Chart: The Economist

Our annual “glass-ceiling index”, which ranks OECD members on ten indicators of female workplace empowerment (and can be found at economist.com/glassceiling), shows all this is having an effect. Across the club of mostly rich countries, women’s share of directorships reached 33% in 2023, an all-time high (see chart). In France, New Zealand and Norway it is nudging 50%.

Is there a business case for more female boards, as well as a moral one? In 2020 consultants at McKinsey found that firms in the top quartile for board gender diversity were 25% likelier to outperform their industry average than those in the bottom quartile. Studies have found that appointment of a woman as boss can boost a firm’s share price and price-to-earnings ratio (though not its return on assets).

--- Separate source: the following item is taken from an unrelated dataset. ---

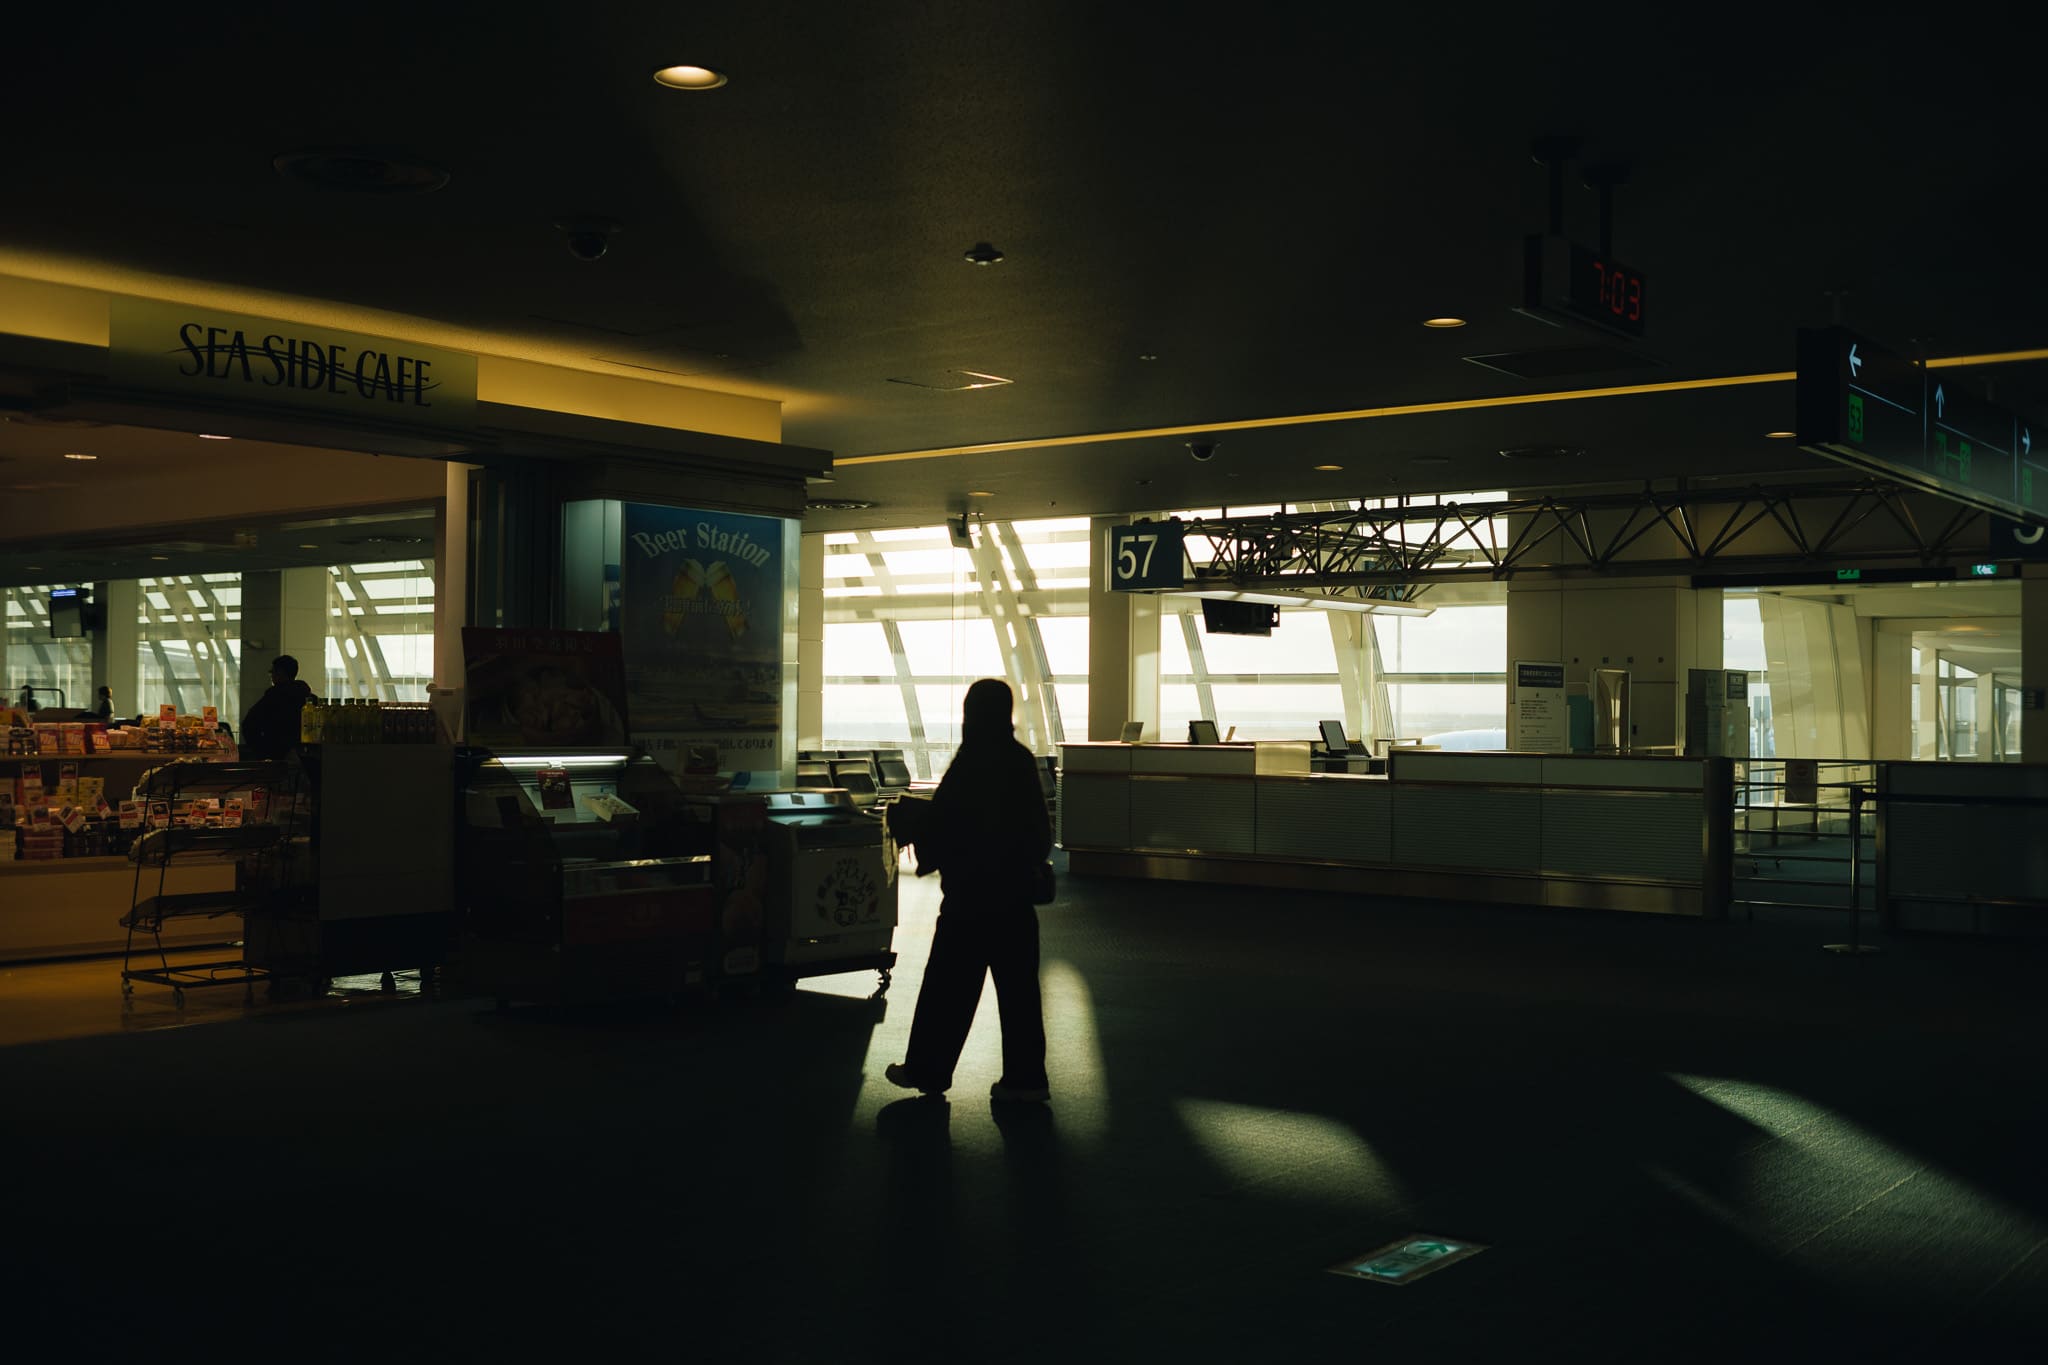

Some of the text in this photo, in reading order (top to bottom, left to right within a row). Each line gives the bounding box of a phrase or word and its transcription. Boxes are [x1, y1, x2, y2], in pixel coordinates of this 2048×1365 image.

Yet so many factors influence a firm’s profitability that proving a causal link between representation and performance is next to impossible; companies that perform well for other reasons may have the luxury to also pay attention to things like diversity, for example. So instead, Margarethe Wiersema of the University of California, Irvine, and Marie Louise Mors of Copenhagen Business School interviewed directors at 200 big companies in Europe and America. They found that women are consistently better prepared for board meetings, had better attendance rates and were more willing to ask probing questions. Female directors in other words, are “setting a higher standard and mitigating the problem of groupthink”. That should be a boon for corporate governance.